Creating a game-specific runtime occlusion algorithm in unity
2023-12-19 2:46 PM
The need for runtime occlusion culling
I was recently contributing to a small Unity engine game based off the Backrooms, a large fictional repeating world with a sort of mundane, brutalist architechture. Here's an example of what a Backrooms world might look like :
Each time the game is played the world is 100% procedurally generated at runtime. With Unity this can become a performance concern due to a lack of dynamic culling.
When it comes to culling Unity currently has 2 methods: Frustrum culling and pre-calculated occlusion culling.

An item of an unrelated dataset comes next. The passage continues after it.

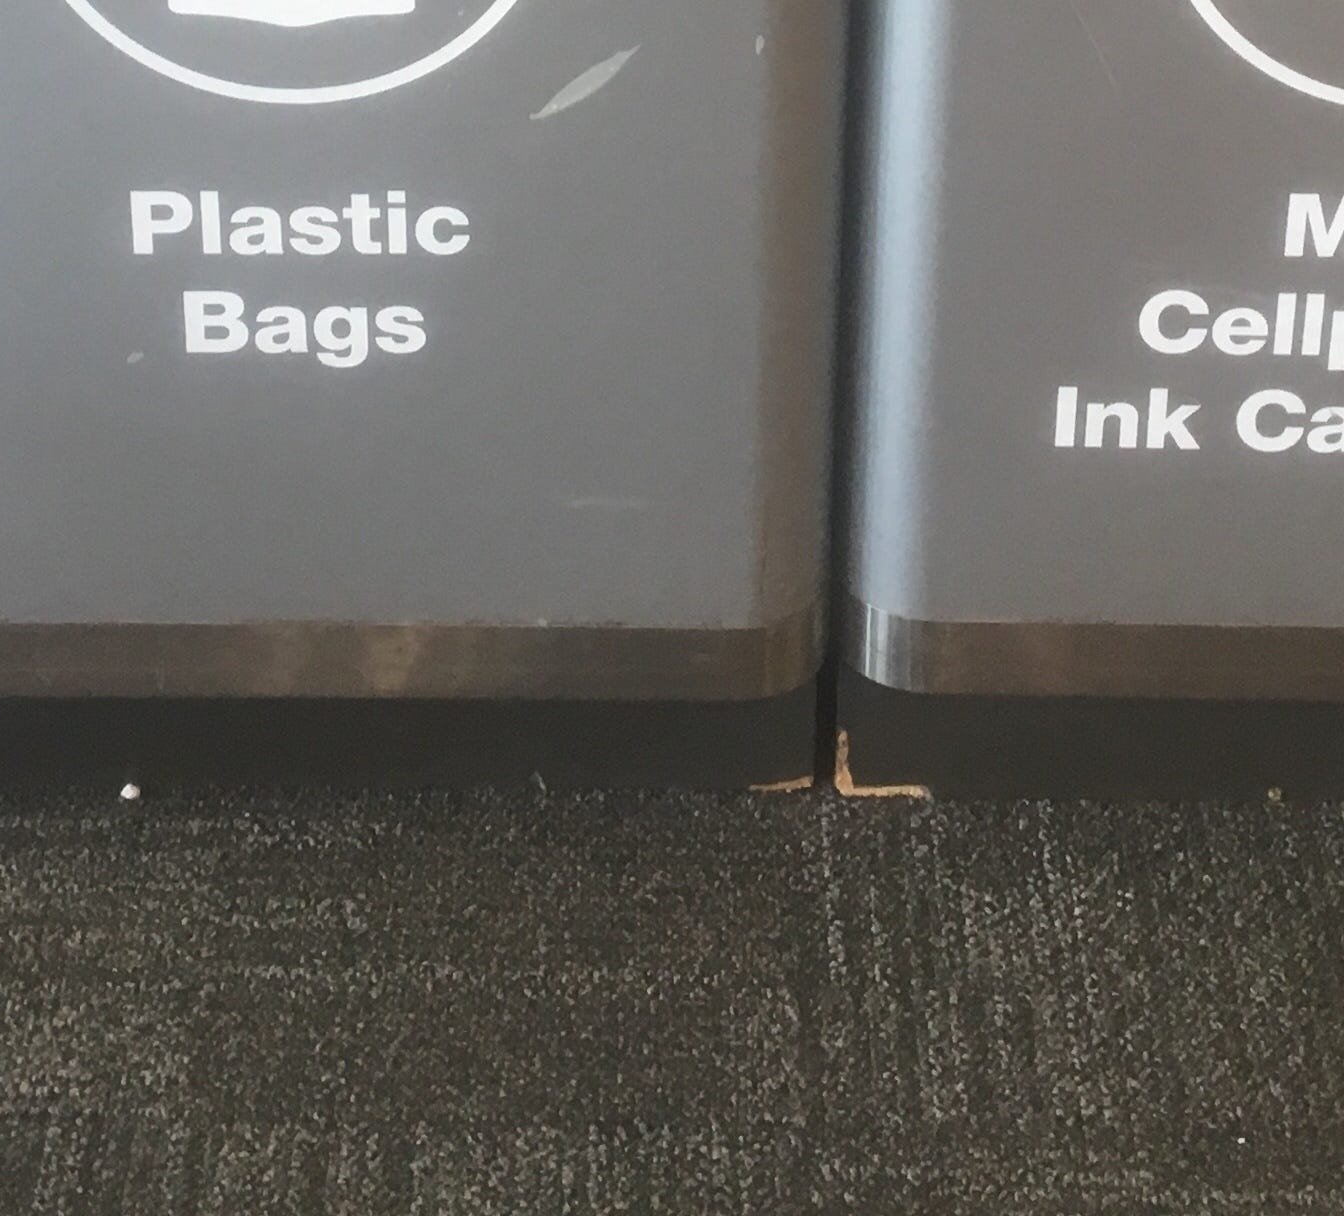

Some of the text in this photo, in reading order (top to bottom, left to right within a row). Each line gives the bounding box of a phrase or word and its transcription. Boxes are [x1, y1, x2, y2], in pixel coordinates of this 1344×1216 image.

[128, 189, 472, 256] Plastic
[181, 289, 428, 369] Bags
[1053, 384, 1202, 451] Ink

Since this world is generated at runtime we cannot use Unity's built-in occlusion culling system as it requires editor-time static geometry to build the occlusion structure in an offline process. Therefore we have no way of culling objects occluded by walls so we are forced to render all objects intersecting with the camera frustrum despite the majoity of these objects not being visible.
Writing a general purpose dynamic occlusion culling algorithm is not an option because that would take a significant time investment and developer effort. My goal is to get this specific game's performance to an acceptable level with as little effort as possible.
Taking advantage of our games world structure for occlusion
After some thought I realized our projects world structure just happens to be very useful for runtime visibility culling. The world structure is a giant 3d grid of cells. What's useful to us is each cell has properties that allow us to tell whether or not it can block visibility.
Here's an example of the exterior and interior of the structure with various cells randomly selected.
With this world data structure it's now viable to make a specific runtime occlusion system that is much simpler to implement than a general purpose system.
By treating the world data as a sort of rough visibility data structure I was able to make a runtime occlusion culling system and implement it into the game in about a day or so.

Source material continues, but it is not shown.